Friday, February 18, 2005

SHA-1 Broken ?

Data security is usually concerned with two seperate functions. The first is ensuring the data is originating from those whom it is supposed to and that it is complete and unaltered. This is sometimes called signing, The other function is encryption. Encryption is used to ensure privacy. The most practicle way of encryption is to use a public key. A public key is typically widely available, decryption is done with a private key that should only be accessable by the owner, therefore only the key owner can decrypt a message. If anyone can access the public key, then it becomes important that the owner of the sent data be known, and it is some how verififyable that the data hasn't been tampered with. Signing is very important in sending of encypted data, as well as any other secure data transport, and is therefore the most important part of any data security icluding PGP. Signing is often invisible to many users, when we use our Credit cards, access financial accounts, or even apply software patches our browsers use signing.
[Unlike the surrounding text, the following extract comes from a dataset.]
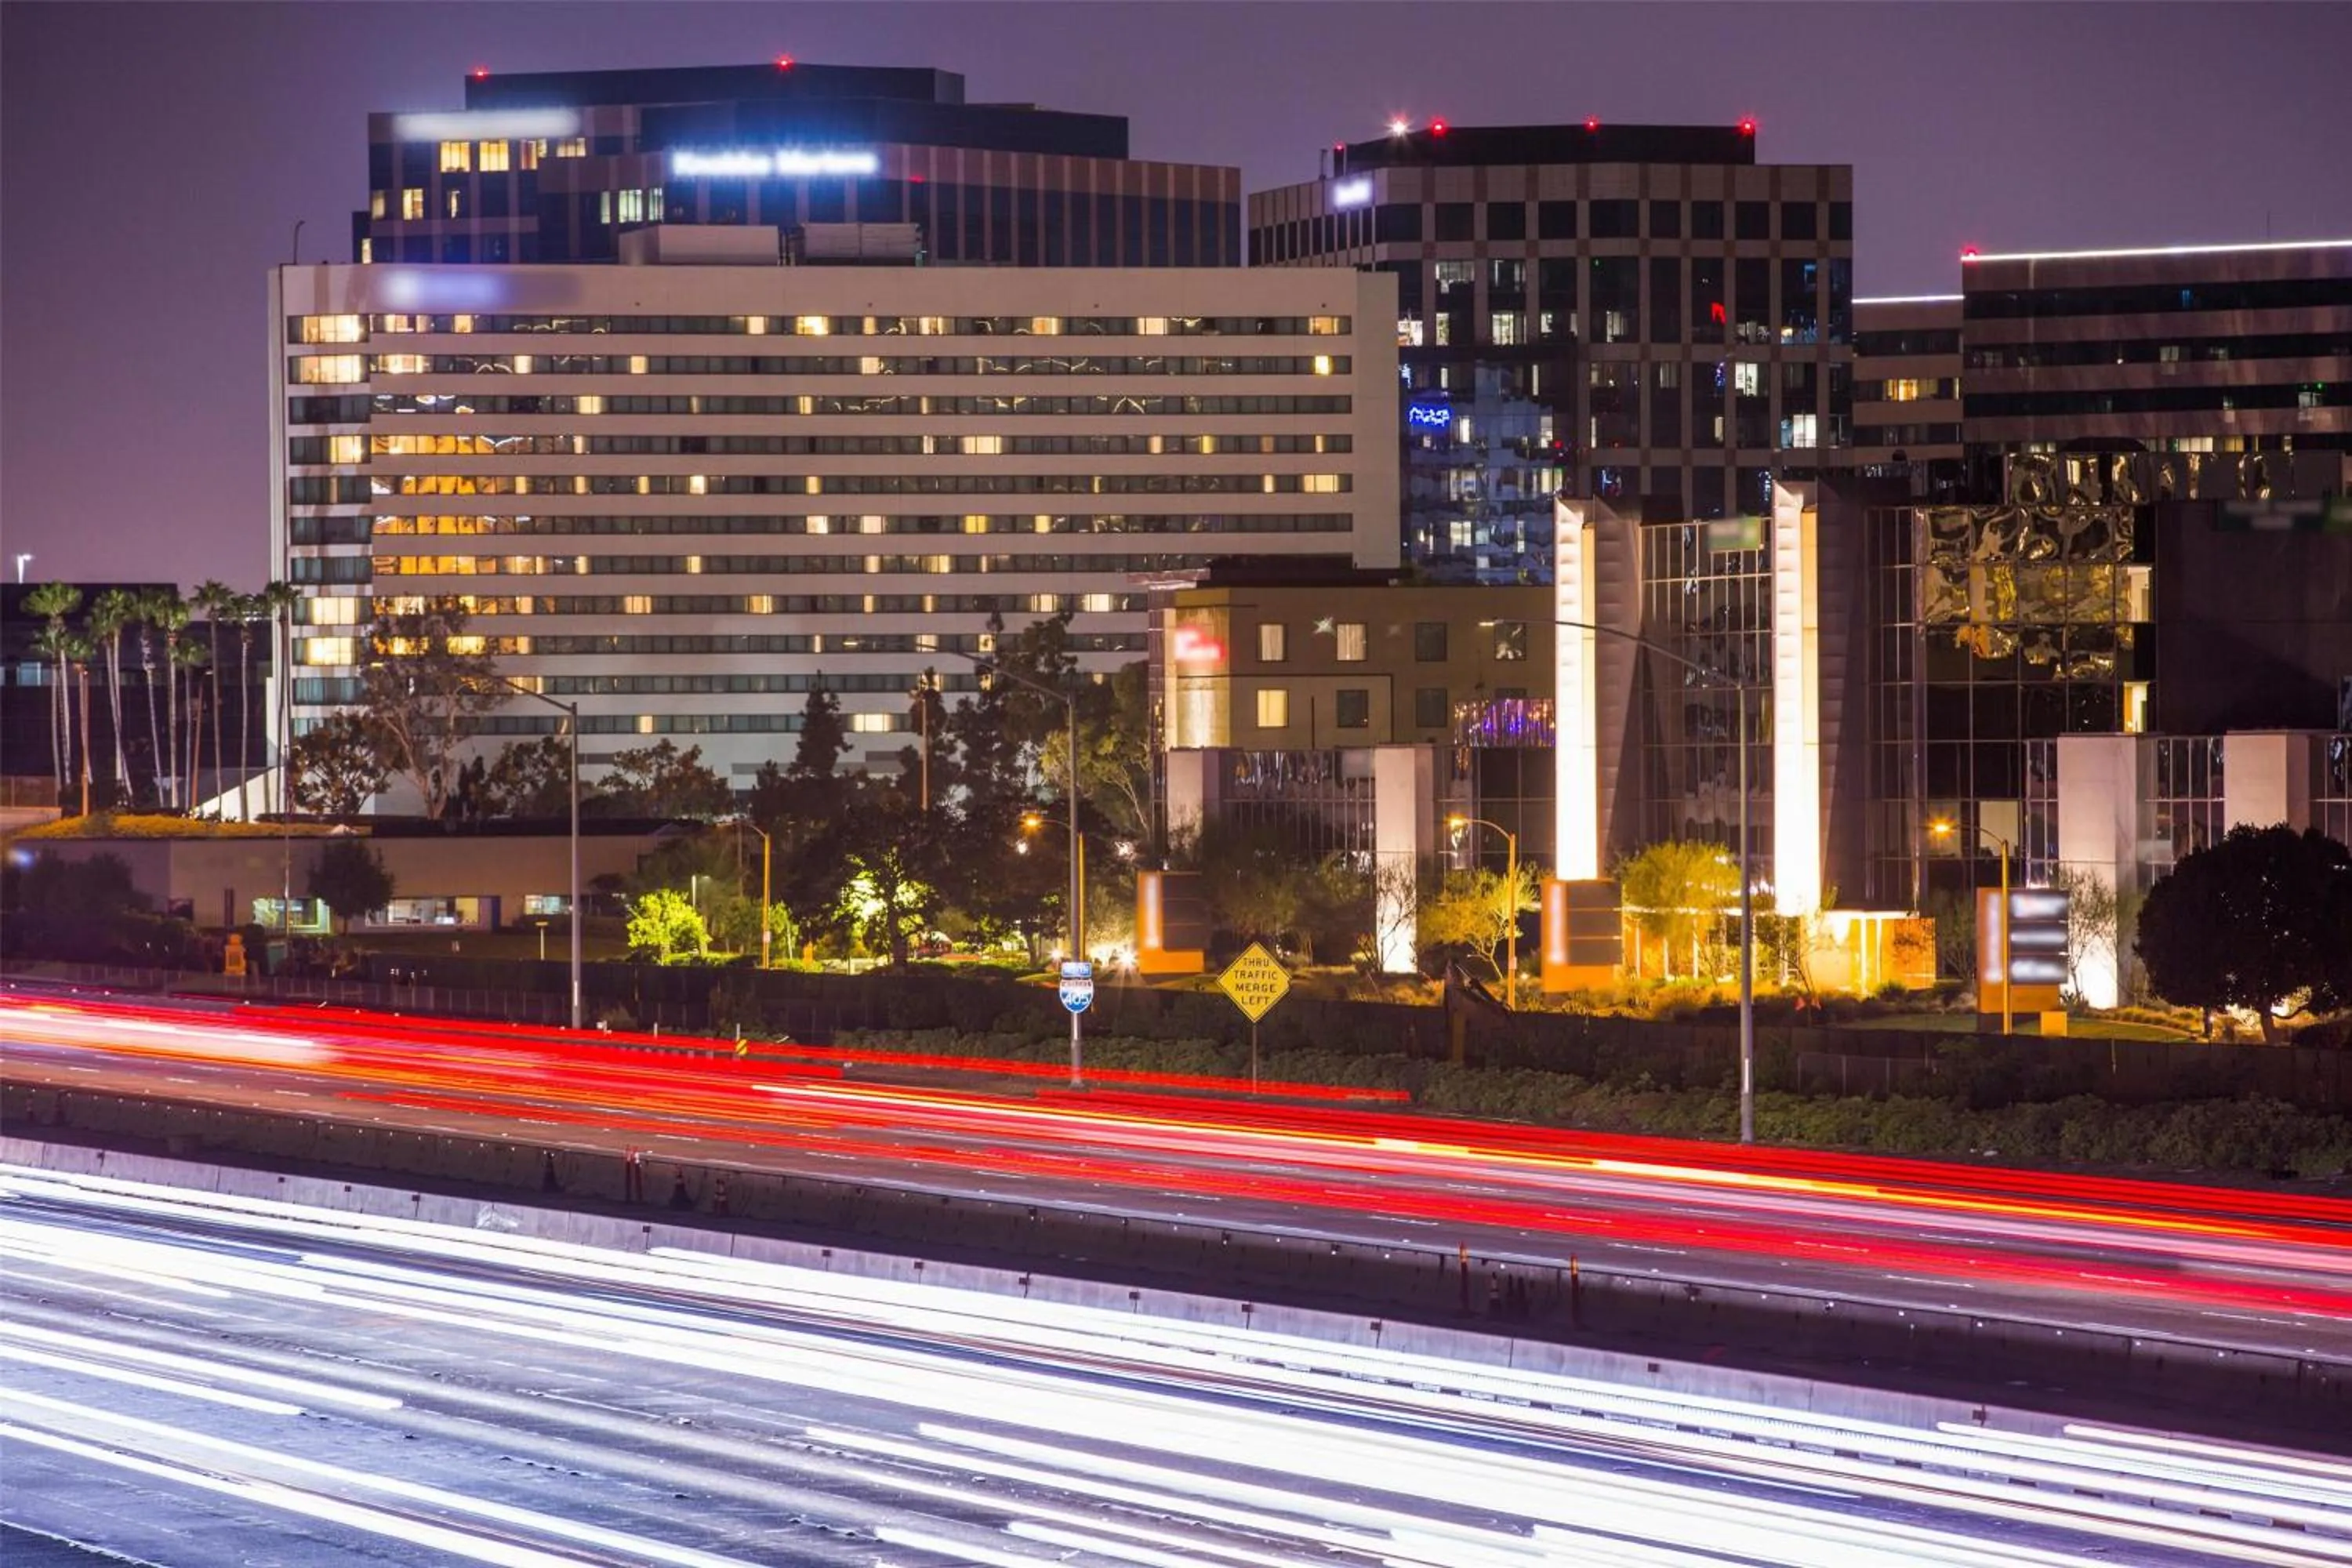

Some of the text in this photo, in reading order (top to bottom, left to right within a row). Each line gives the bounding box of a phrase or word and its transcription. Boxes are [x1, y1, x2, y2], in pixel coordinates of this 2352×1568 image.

[1243, 957, 1270, 967] THRU
[1234, 971, 1278, 980] TRAFFIC
[1235, 983, 1277, 993] MERGE
[1241, 996, 1271, 1006] LEFT
The most common algorithm to date is called the SHA-1 Hash. It seems that it is not as secure as we had once thought.

SHA-1 Broken

SHA-1 has been broken. Not a reduced-round version. Not a simplified version. The real thing.

The research team of Xiaoyun Wang, Yiqun Lisa Yin, and Hongbo Yu (mostly from Shandong University in China) have been quietly circulating a paper describing their results:

  • collisions in the the full SHA-1 in 2**69 hash operations, much less than the brute-force attack of 2**80 operations based on the hash length.
  • collisions in SHA-0 in 2**39 operations.
  • collisions in 58-round SHA-1 in 2**33 operations.
Bruce Schneier is one of the most highly respected folks in the science of Cryptology, and it apears that his concerns should be taken seriously. Maybe though its not really really broken but frayed with some cracking. Its going to take a while but we are all going to be affected and a swithchover to a more secure algorithim is sure to replace the, until now, reliable SHA-1 hash. Until this happens we will go on just as we have before using secure web pages and PGP until something better comes along.